不仅如此,作为儿媳她还仔细问过公婆的生忌死忌,打算届时好好祭拜供奉,而裴郎也回答过确切的日期啊……
真是难以言喻!
现在她的心情与其说是被骗之后感到不舒服,甚至愤怒,不如说……大大的费解。
明明有爹娘,却说他们死了,世上哪有人这样咒自己的父母?
靳晓心头五味杂陈,再一看自己的夫君,竟然还是四平八稳的样子,让人气不打一处来。
一开始喜欢上他,有一个原因就是他看起来总是温文尔雅泰然自若,像是没什么事情能困扰他、能让他皱一皱眉头。
这样的人在这世道里实在太难得,谁都不喜欢活在乌云之下,情绪稳定的人给人,特别是给失去记忆无着无落的靳晓极大的安全感。
可现在……根本不敢深想。
气氛就这样凝住,他们之间还从未有过这般冷场的时候。
裴昱掀开帘子去点烛台,靳晓不知他此时沉默是否在给她冷静的时间,视线随着他的动势而缓缓游走,目及他背上的伤,心里头忽然揪了一下。
呼吸也跟着沉重几分,不可否认的是,她有点心疼,想知道是怎么回事,但一想到自己被他蒙在鼓里这么久,就特别不愿意主动提及这伤,不想叫他知道她关心他。
因此,语气也算不得好:“也就是说,这里不是你的家?”
“是,也不是。

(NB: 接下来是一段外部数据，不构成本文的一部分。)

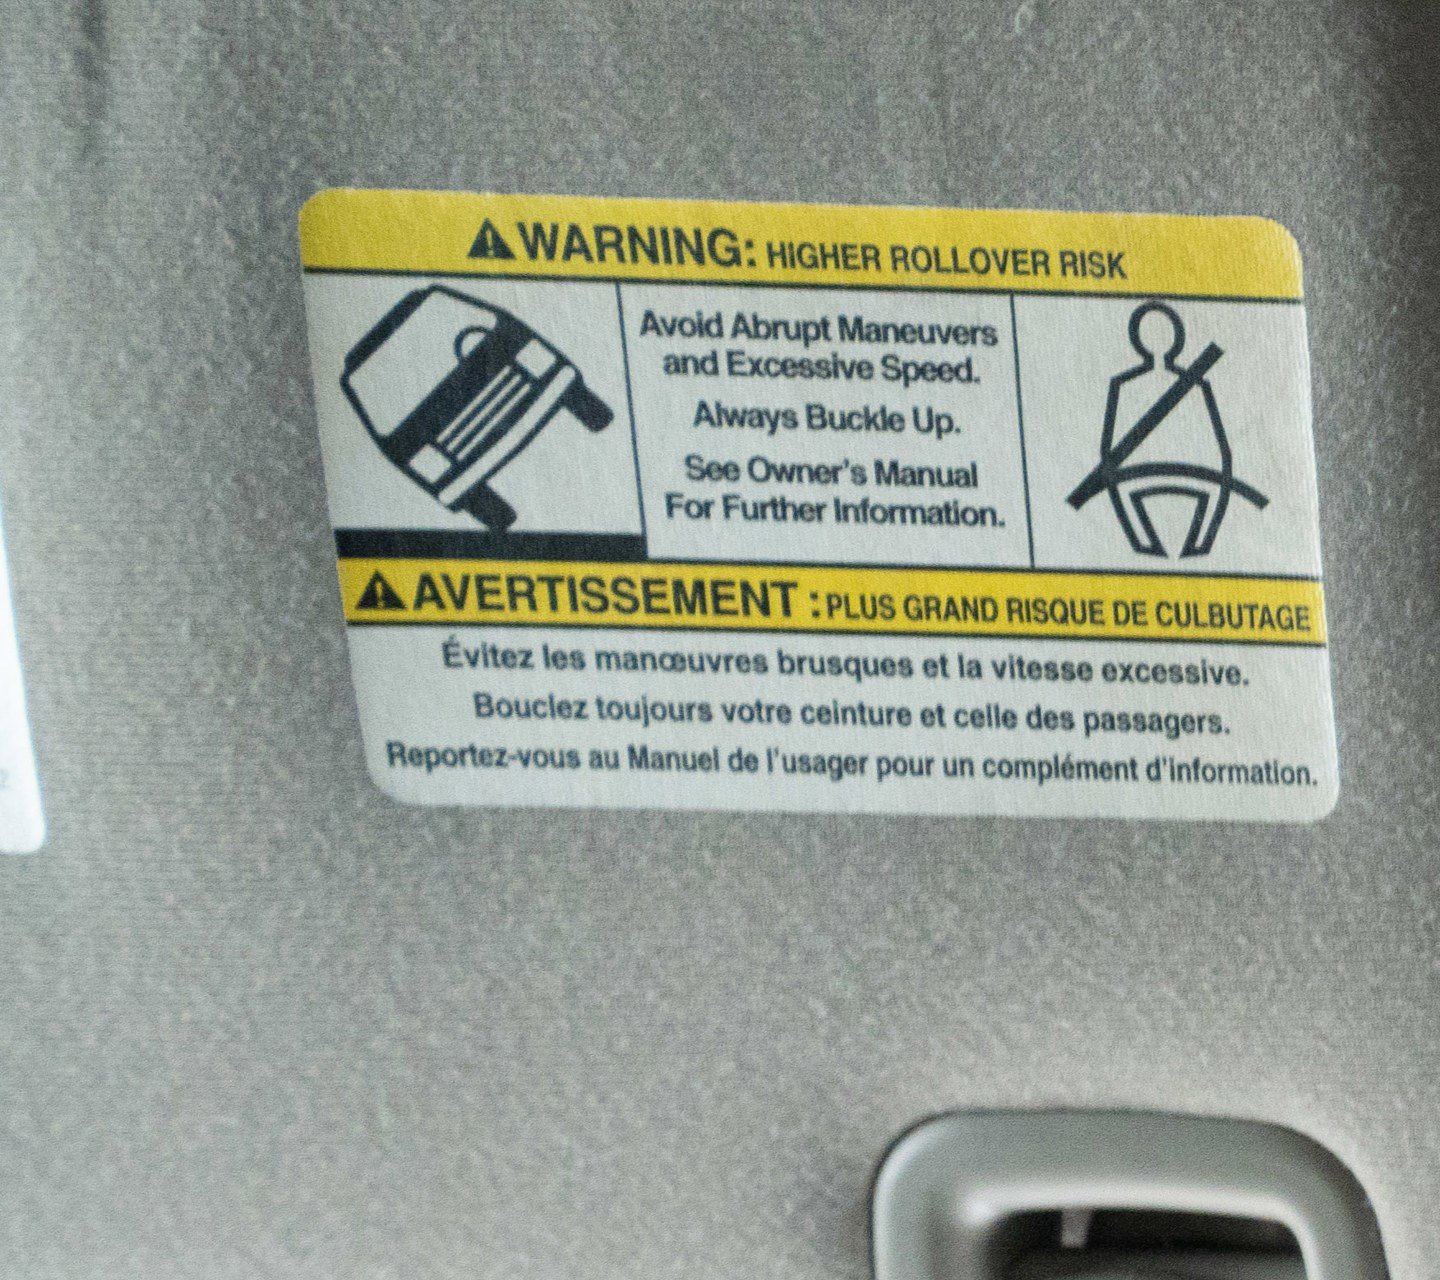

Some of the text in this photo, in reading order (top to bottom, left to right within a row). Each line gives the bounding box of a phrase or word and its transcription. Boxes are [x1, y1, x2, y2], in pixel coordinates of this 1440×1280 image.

”他道:“清潭苑是我少时读书的院子。自四岁开蒙,数年间我都是一个人在此起居。”
靳晓啊了声,“那公公婆婆呢?”
“父亲常年带兵打仗,兄长先天迟滞,比我更需要母亲的照顾。”
“那,那也不用分开住啊。”靳晓知道大户人家常常有不止一处房屋田地,而子孙未成家之前都是住在一块儿的,这也是她心里有点不舒服的原因,他有爹娘却没带她去拜见,就好像没有被人完全认可。